*What is being asked:*
Your answer should repeat exactly the line containing "this 1920×1280 image." and all lines after it through the end of the material below, with no other text.

*Given data:*
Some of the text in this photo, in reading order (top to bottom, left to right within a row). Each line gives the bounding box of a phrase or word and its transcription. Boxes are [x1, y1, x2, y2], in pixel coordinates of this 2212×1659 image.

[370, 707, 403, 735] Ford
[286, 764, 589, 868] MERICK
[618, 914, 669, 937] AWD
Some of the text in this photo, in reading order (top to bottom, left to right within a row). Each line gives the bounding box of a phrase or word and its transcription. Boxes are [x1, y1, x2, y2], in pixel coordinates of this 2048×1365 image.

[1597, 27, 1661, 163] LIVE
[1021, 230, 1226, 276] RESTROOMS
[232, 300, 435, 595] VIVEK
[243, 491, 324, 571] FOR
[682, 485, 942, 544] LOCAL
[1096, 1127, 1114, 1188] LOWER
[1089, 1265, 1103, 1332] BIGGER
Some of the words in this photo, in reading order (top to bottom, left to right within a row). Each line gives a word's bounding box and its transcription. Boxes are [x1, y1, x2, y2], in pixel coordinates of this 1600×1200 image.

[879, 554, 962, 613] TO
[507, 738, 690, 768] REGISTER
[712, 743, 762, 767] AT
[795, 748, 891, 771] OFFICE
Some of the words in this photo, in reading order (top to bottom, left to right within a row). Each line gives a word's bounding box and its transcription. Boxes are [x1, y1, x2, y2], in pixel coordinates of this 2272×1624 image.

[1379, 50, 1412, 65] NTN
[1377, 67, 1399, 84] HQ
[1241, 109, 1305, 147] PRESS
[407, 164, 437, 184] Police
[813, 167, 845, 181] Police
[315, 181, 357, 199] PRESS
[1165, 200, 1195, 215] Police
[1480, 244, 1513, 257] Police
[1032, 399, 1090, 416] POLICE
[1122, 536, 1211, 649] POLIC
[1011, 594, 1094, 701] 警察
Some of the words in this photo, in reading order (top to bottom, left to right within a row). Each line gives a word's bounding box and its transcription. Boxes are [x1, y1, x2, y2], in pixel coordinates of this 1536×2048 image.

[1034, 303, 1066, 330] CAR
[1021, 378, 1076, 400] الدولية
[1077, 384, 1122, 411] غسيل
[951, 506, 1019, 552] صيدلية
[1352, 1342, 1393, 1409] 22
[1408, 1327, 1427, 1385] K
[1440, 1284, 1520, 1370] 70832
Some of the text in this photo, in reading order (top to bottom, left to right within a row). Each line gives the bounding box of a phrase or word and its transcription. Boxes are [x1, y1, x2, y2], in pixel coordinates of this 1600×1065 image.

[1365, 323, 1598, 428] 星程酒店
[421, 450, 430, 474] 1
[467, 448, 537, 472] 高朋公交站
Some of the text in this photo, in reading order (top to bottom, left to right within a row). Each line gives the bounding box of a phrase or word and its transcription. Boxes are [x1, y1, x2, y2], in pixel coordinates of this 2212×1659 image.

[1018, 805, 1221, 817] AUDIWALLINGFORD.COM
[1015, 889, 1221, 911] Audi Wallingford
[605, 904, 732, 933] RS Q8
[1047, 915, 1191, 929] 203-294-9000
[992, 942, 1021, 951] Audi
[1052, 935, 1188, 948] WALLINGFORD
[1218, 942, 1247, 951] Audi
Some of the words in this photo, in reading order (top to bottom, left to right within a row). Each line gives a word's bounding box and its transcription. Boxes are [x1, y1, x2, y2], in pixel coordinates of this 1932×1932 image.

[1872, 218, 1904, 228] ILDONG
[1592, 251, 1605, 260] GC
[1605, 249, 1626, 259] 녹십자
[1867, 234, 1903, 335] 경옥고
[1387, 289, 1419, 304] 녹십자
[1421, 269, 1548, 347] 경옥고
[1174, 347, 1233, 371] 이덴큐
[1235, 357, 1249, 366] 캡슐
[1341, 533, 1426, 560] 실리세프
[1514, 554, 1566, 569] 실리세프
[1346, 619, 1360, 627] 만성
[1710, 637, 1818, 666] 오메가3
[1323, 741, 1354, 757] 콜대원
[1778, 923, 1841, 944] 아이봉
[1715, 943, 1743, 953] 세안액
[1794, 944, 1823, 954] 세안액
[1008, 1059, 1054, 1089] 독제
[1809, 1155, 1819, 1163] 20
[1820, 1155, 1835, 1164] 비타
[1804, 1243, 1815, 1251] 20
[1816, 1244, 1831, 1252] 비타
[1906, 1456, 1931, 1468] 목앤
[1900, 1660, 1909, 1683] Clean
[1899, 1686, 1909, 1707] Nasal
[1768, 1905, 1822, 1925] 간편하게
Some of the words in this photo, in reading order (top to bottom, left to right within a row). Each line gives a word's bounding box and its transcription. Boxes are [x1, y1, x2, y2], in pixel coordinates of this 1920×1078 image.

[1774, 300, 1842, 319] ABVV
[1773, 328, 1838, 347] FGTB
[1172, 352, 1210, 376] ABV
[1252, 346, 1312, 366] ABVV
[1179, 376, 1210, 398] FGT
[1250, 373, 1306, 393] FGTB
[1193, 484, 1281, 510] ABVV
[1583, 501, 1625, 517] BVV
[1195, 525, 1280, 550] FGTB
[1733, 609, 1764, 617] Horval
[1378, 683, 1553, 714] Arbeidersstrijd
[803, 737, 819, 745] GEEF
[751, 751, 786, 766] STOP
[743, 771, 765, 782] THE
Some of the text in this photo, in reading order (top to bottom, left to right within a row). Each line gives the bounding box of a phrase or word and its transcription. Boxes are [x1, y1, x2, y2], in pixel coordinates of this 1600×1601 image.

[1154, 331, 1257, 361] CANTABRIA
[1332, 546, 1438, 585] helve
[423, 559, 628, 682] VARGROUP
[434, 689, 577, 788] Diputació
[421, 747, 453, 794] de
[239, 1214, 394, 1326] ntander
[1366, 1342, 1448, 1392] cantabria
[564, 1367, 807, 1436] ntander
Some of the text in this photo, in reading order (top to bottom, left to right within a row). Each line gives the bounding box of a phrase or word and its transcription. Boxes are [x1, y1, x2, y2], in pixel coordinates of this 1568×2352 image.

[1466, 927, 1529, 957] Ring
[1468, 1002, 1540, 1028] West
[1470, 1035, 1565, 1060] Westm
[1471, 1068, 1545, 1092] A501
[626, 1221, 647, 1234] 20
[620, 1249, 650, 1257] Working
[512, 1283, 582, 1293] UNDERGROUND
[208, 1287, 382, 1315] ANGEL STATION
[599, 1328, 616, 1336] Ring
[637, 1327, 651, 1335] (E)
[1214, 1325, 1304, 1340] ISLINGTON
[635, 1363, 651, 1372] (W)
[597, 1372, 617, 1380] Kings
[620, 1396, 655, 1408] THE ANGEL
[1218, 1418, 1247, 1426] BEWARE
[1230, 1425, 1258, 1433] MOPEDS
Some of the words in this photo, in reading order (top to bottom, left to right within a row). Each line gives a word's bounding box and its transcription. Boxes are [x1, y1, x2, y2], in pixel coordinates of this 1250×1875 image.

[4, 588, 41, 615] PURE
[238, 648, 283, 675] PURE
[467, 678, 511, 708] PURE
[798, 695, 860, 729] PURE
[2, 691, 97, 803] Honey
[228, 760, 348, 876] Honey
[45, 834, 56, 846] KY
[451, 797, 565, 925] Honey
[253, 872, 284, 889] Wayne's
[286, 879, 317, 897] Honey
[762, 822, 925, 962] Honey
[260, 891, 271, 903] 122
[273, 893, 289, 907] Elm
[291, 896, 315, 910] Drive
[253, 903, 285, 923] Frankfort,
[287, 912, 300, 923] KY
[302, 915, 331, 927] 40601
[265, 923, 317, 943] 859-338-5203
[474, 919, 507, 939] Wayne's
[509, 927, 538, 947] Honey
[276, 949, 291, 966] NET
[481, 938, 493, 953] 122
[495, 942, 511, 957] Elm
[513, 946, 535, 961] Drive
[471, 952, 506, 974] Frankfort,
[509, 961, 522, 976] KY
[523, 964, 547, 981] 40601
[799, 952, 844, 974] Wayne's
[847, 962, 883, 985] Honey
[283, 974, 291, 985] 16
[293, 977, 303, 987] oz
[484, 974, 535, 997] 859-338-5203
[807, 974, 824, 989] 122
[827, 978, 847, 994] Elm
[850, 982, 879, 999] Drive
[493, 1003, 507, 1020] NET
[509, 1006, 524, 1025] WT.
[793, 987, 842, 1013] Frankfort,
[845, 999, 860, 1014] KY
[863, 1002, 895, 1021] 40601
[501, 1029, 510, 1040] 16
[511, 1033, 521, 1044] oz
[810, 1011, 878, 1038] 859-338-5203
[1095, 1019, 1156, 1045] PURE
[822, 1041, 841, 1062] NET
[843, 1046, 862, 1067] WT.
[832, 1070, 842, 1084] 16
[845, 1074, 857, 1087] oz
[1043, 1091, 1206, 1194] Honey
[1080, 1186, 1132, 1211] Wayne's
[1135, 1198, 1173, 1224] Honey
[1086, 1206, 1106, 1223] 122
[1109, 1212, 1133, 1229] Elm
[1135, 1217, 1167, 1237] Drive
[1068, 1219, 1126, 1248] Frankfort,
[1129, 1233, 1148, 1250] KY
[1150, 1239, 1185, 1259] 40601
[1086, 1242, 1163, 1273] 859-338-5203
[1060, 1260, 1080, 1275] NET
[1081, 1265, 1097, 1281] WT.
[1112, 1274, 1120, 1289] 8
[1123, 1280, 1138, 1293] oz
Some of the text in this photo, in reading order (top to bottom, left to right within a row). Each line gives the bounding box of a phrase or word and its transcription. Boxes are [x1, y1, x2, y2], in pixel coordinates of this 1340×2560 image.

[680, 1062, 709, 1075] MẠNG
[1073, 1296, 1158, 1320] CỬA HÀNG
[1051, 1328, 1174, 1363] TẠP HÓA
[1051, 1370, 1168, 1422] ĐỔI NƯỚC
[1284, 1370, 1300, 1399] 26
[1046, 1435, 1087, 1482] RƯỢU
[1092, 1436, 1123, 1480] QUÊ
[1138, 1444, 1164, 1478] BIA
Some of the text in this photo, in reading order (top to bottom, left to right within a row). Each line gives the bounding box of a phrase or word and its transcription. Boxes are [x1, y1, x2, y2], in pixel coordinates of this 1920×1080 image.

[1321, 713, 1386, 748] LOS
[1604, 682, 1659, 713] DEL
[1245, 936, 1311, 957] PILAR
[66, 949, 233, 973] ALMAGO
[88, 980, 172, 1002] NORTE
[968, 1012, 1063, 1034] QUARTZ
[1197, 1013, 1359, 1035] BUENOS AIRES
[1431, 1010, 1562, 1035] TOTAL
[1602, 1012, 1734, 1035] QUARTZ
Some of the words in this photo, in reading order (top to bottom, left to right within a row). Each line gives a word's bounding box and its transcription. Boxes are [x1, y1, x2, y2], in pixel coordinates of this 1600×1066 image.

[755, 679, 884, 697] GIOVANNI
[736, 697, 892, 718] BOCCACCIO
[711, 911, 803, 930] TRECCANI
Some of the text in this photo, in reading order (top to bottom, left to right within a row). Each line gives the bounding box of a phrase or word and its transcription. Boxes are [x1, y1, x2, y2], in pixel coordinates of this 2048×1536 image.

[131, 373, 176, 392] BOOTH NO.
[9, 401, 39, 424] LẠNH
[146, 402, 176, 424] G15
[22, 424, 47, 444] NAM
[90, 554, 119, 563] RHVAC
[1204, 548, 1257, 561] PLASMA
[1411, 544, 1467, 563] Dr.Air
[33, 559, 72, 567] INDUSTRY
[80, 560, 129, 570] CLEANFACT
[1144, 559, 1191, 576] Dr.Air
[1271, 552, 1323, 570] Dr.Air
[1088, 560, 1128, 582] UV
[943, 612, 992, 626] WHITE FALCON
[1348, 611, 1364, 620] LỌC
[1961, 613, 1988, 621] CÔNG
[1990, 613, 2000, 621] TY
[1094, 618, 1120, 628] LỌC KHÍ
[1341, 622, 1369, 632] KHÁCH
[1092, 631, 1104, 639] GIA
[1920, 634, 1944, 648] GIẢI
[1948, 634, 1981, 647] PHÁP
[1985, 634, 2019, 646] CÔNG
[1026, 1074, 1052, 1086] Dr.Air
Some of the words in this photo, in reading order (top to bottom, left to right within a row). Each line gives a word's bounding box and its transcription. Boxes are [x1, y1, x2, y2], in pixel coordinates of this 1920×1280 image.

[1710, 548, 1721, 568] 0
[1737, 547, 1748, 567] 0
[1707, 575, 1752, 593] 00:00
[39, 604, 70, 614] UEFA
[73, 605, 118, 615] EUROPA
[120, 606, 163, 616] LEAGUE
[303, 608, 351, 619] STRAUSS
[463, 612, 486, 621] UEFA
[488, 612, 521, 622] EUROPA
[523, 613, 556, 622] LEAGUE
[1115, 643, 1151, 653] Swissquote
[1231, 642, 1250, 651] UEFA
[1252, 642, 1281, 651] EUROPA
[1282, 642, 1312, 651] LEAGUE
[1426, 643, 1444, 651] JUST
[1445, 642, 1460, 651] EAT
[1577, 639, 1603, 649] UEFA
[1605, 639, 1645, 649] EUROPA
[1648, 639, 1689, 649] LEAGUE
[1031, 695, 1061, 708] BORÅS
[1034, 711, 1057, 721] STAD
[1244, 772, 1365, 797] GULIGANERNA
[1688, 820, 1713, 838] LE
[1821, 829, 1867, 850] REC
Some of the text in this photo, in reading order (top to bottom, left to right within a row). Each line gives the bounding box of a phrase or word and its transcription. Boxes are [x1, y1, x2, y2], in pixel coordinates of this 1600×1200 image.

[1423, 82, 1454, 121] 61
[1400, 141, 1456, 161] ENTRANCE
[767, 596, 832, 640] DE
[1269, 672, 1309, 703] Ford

*Written answer:*
Some of the words in this photo, in reading order (top to bottom, left to right within a row). Each line gives a word's bounding box and its transcription. Boxes are [x1, y1, x2, y2], in pixel coordinates of this 1920×1280 image.

[1710, 548, 1721, 568] 0
[1737, 547, 1748, 567] 0
[1707, 575, 1752, 593] 00:00
[39, 604, 70, 614] UEFA
[73, 605, 118, 615] EUROPA
[120, 606, 163, 616] LEAGUE
[303, 608, 351, 619] STRAUSS
[463, 612, 486, 621] UEFA
[488, 612, 521, 622] EUROPA
[523, 613, 556, 622] LEAGUE
[1115, 643, 1151, 653] Swissquote
[1231, 642, 1250, 651] UEFA
[1252, 642, 1281, 651] EUROPA
[1282, 642, 1312, 651] LEAGUE
[1426, 643, 1444, 651] JUST
[1445, 642, 1460, 651] EAT
[1577, 639, 1603, 649] UEFA
[1605, 639, 1645, 649] EUROPA
[1648, 639, 1689, 649] LEAGUE
[1031, 695, 1061, 708] BORÅS
[1034, 711, 1057, 721] STAD
[1244, 772, 1365, 797] GULIGANERNA
[1688, 820, 1713, 838] LE
[1821, 829, 1867, 850] REC
Some of the text in this photo, in reading order (top to bottom, left to right within a row). Each line gives the bounding box of a phrase or word and its transcription. Boxes are [x1, y1, x2, y2], in pixel coordinates of this 1600×1200 image.

[1423, 82, 1454, 121] 61
[1400, 141, 1456, 161] ENTRANCE
[767, 596, 832, 640] DE
[1269, 672, 1309, 703] Ford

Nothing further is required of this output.